TASK ITEM: Quote every line of the data below as it stands, omitting pictures.

RECORDS FOR THE TASK:

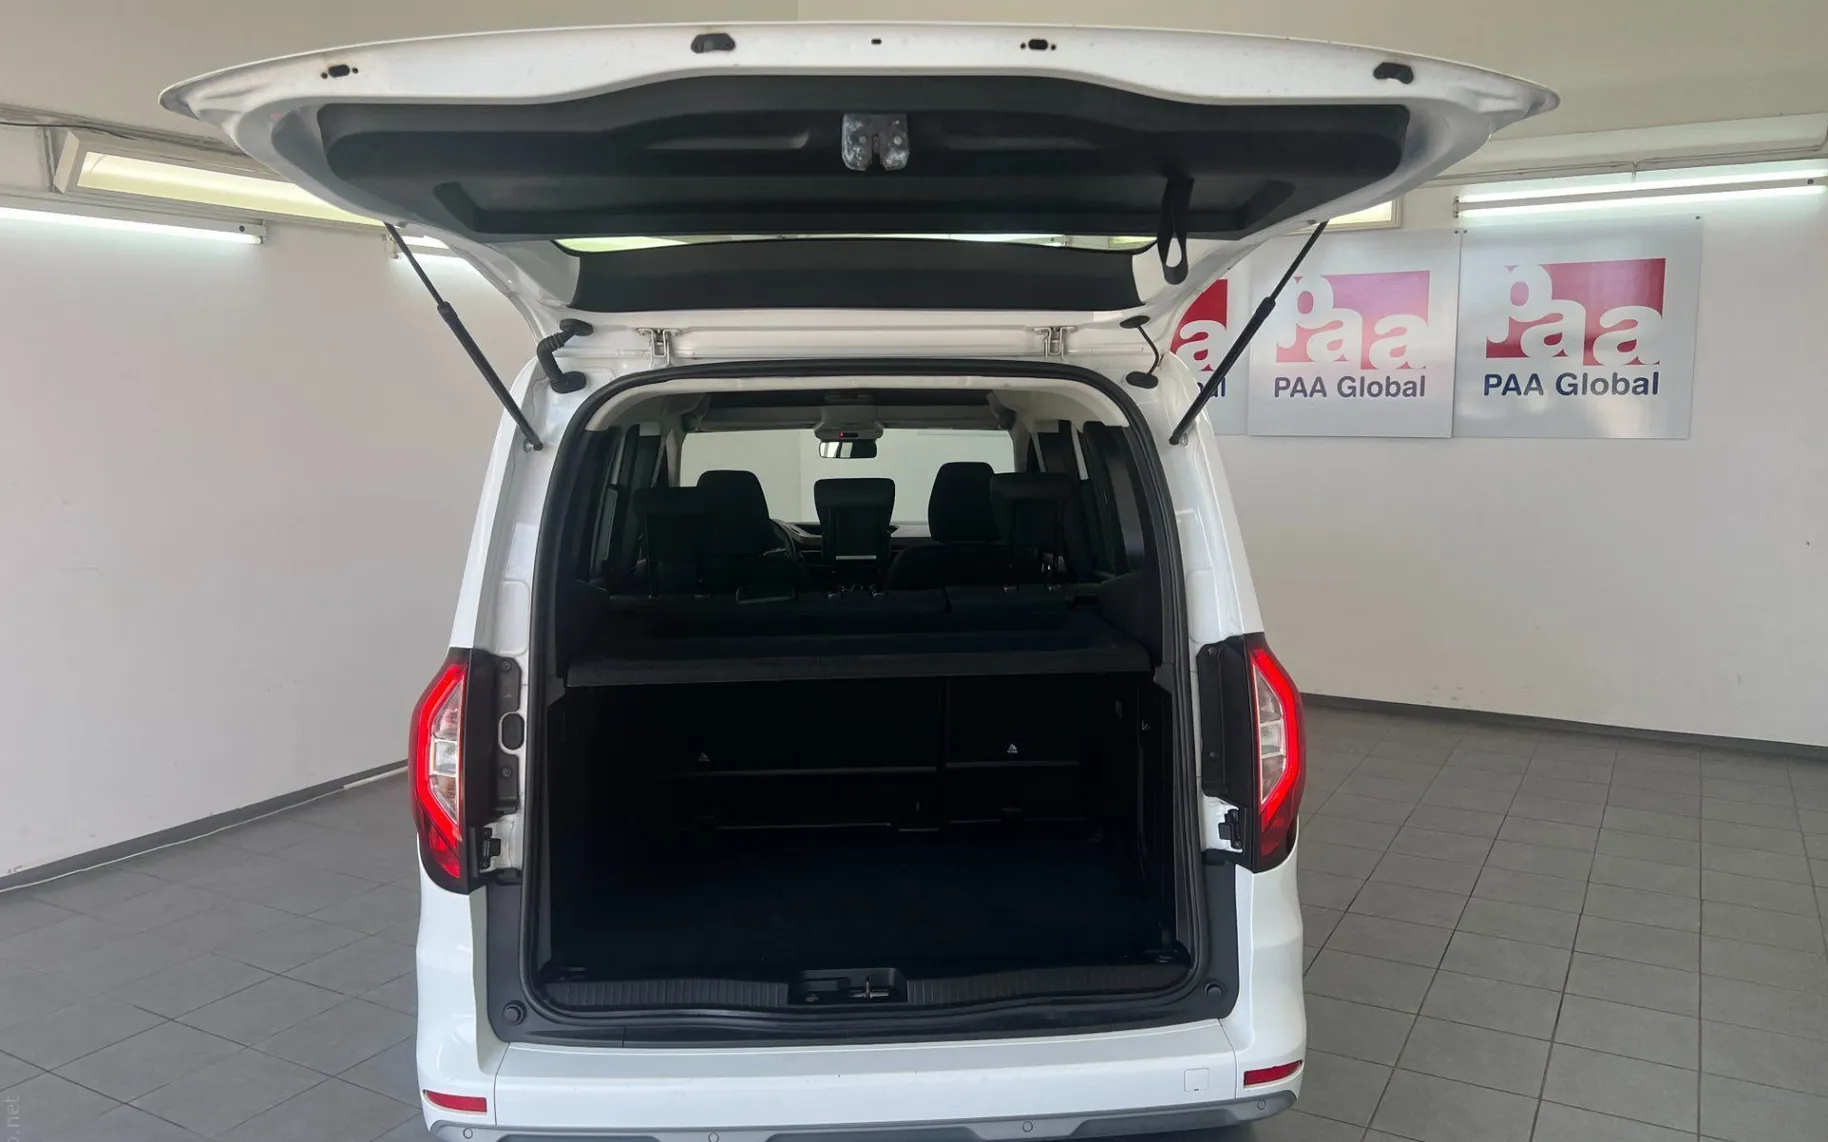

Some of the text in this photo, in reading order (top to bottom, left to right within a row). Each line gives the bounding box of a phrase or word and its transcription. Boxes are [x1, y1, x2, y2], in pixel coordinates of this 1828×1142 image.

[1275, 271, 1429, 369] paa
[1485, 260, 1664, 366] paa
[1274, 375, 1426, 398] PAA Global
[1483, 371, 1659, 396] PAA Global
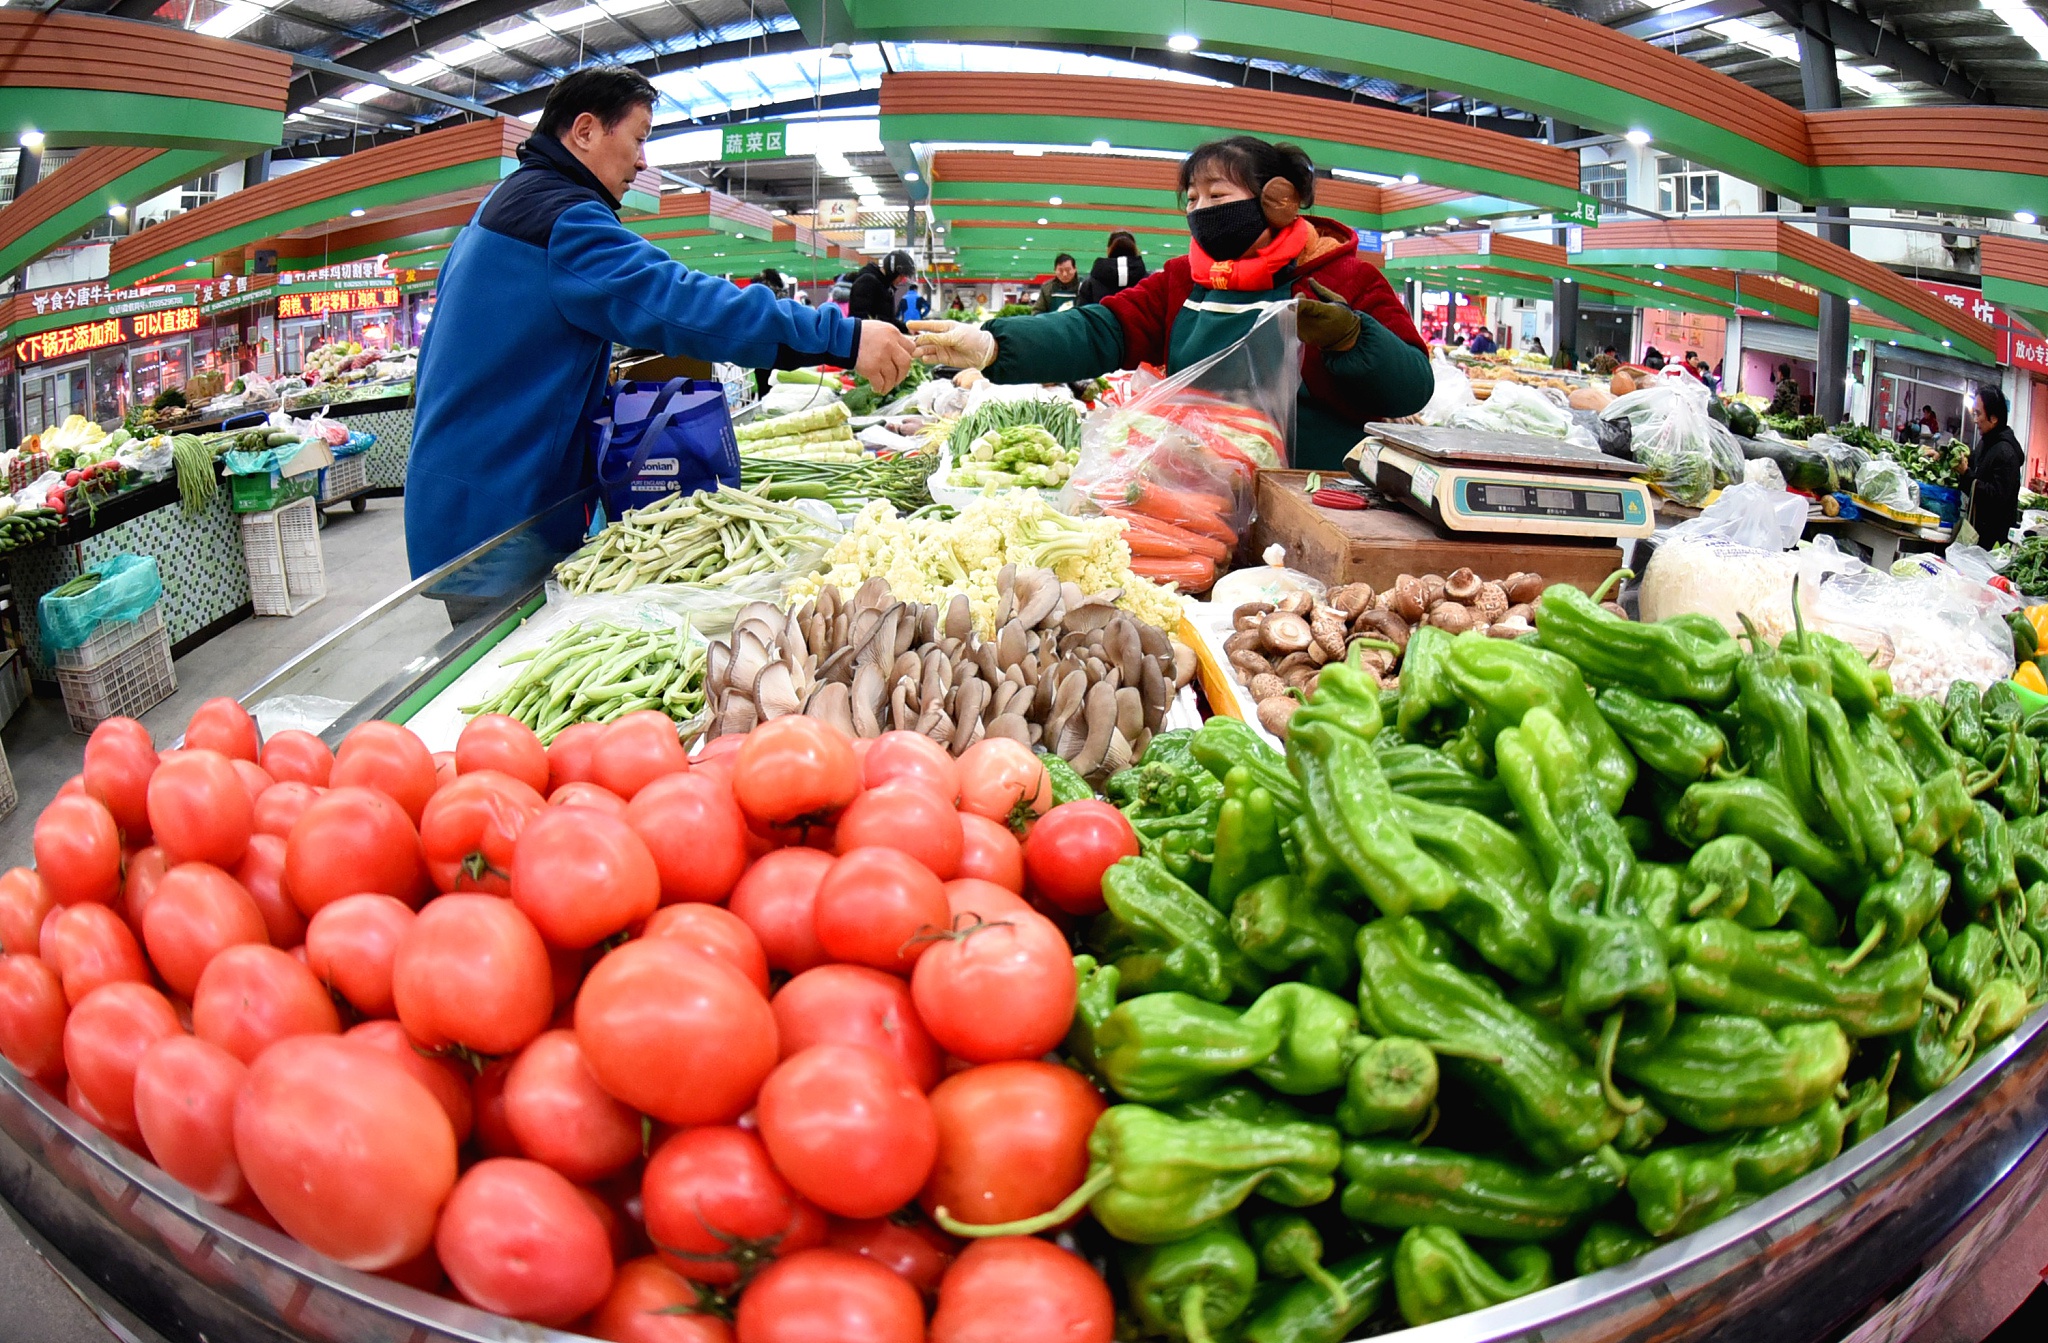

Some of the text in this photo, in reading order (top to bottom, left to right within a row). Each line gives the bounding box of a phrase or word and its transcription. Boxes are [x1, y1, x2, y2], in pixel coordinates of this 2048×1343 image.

RESULT OF THE EXERCISE:
Some of the text in this photo, in reading order (top to bottom, left to right within a row). Each line gives the bounding box of a phrase or word and its transcription. Boxes are [x1, y1, x2, y2], in pixel coordinates of this 1828×1142 image.

[1275, 271, 1429, 369] paa
[1485, 260, 1664, 366] paa
[1274, 375, 1426, 398] PAA Global
[1483, 371, 1659, 396] PAA Global

Some of the text in this photo, in reading order (top to bottom, left to right within a row). Each line gives the bounding box of a phrase or word and its transcription. Boxes are [x1, y1, x2, y2], in pixel coordinates of this 2048×1343 image.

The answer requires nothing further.